La sella è vuota sin dalla partenza del cavallo, occupata di volta in volta da piccoli capetti, autoreferenti e tuonanti, in cerca di non già del comando sull’intero esercito o sulle masse, quanto piuttosto su alcune brigate particolari.
L’epoca del ‘narcisisimo territoriale’ è segnata da un populismo locale, assai più intriso di perversione che non legato all’istrionismo. Il leader autofabbricato si contraddistingue per una marcata allergia alle regole, che vuole tuttavia ferree per gli altri. Inadatto ai regolamenti, incline al capriccio personale e sempre in cerca di adepti graditi da arruolare, al momento del redde rationem con la Legge non sceglie la sottomissione e l’inquadramento, preferendo fuggire altrove per garantirsi un ingiudicabilità nel tempo, per poi dedicarsi a ricreare nuovi gruppi con adepti che passino il vaglio della sua adorazione, al posto di quello che era un giuramento in nome della legge, riservando per sè la carica di capo autoincoronato per acclamazione preselezionata, dalla quale impartire il proprio desiderio come legge.
Nella ricerca dell’elettorato il nuovo leader, che ama una Legge solo se sottomessa alle sua pruderie, è dunque ben lontano dallo statista del secolo passato, che aveva magari qualche pecca nel privato, ma era interamente dedito a promulgare Leggi per il bene comune, vestendo l’abito di padre della Nazione.
Egli si sintonizza con i bisogni personali dell’uno per uno, ponendosi come risolutore del problema del singolo, domandando in cambio un sostegno al proprio interesse.
Non è dunque la Legge eguale per tutti, della quale lo statista del tempo passato si poneva come tramite, ma quella del ‘mio orto’in cambio del tuo.’
Non è un caso che molti di questi leader utilizzino nel loro vocabolario elettorale adagi quali ‘ se voi mi darete, io faro per voi’. Quando il voi è riferito ad una categoria, una corporazione, più suscettibile di essere solleticata nella pancia.
Più che di democrazia malata è più giusto parlare di perversione diffusa nelle crepe dell’edificio democratico, con l’autorità ormai nebulizzata che lascia il posto ai tanti piccoli califfati.
Questa situazione è una diretta conseguenza dell’inaridimento delle fonti, del tramonto dei punti di riferimento originari, i grandi campi contrapposti del novecento, che hanno lasciato il posto ai neo personalisimi del narciso, dando forma alla prima campagna elettorale centrata sul ‘mi piace’.

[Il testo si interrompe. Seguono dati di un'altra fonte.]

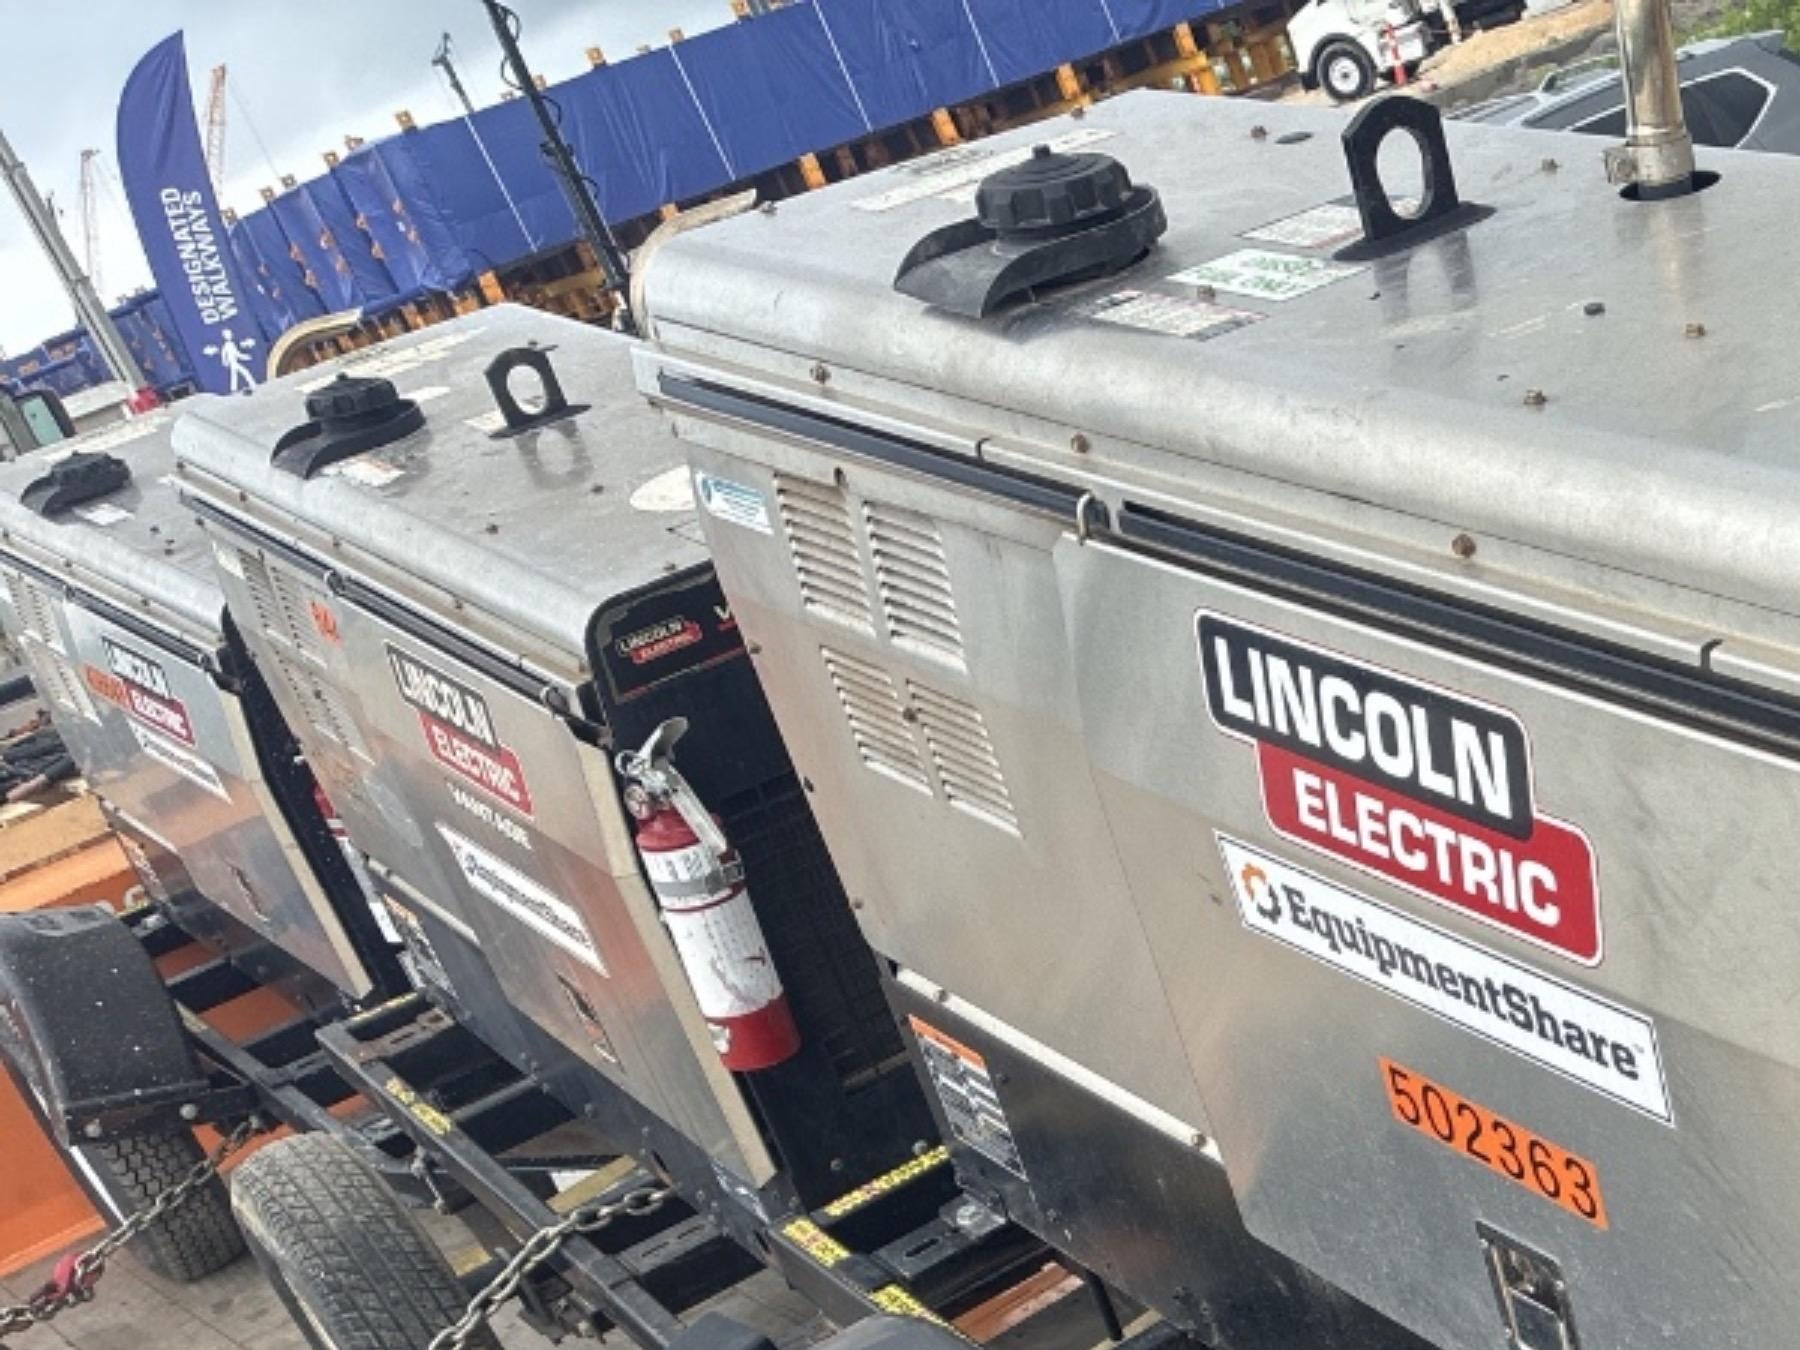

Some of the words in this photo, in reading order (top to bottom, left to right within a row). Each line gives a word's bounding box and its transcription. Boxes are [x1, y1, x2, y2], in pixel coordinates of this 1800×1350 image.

L’autonominato Telemaco non sfonda la porta dei Proci ( fermi tutti! Qua si modera il godimento, aprite!), ma piuttosto ha cercato il placet di chi organizzava il baccanale.
E, si badi, lo ha potuto fare perchè quel capo sul quale la sua maggioranza in parlamento si sostiene, non è mai caduto, pur avendo subito una condanna.
Quando il parlamento lo fece cadere, fu sbagliata la dicitura di ‘parricidio’ che si levò dai quotidiani di destra.
Il parricidio presuppone un padre regolare ( non necessariamente retto). Il parricidio èl’eliminazione fisica di un ingombro inamovibile con la parola, di qualcuno che sta tuttavia nella dialettica. Il padre perverso invece non ha figli, intesi come pargoli da ‘educare’ e ai quali impartire insegnamenti. Piuttosto si tratta di accoliti, di devoti, o di adoranti. Non siamo nell’ordine del padre che educa secondo meritocrazia, ma piuttosto quello del ‘godi’ come imperativo.Prendi parte alla festa. Il padre perverso non sta nella dialettica, non osserva le regola, la legge, puravendone bisogno per poterla lambire ( chi fa il mio lavoro lo sa bene). Ma usa metodiche di controllo, aggiramento, plagio, ricatto dei figli. La selezione avviene non sul merito, quanto sull’accettazione del gioco perverso. Arrivando a tenerli in scacco con ricatto. Con lui non si dialoga, ma si accetta o no il suo gioco. . Non è un padre, ma un sodale che introduce a lbaccanale. E’ con costui che il Telemaco si accinge a mutare la costituzione dei Padri. Quelli si, degni di tale nome.
Esiste anche il godimento
Esiste anche il godimento “freddo”, che deriva dall’uso e dall’abuso nudo e crudo del potere (quel potere che logora chi non ce l’ha, diceva Andreotti). E’ questa ricerca di godimento freddo che spinge Renzi a entrare a man bassa nella reggia dei Proci, facendo “scempio della casa” e della legge.
Dino Angelini
La contraddizione di fatto
La contraddizione di fatto c’è: il rottamare confligge in teoria col fare accordi col capo dei Proci però, a mio avviso, almeno in apparenza, qualcosa di buono in tutto ciò c’è. In una democrazia le leggi nell’interesse dei cittadini devono nascere col consenso di tutti. Se una cosa é utile al paese é ora che tutte le forze politiche si accordino per realizzarla senza essere perennemente opposte come in una partita di calcio. Se per far ciò il pd si appoggia al nemico storico del pdl………forse non per forza é un male. …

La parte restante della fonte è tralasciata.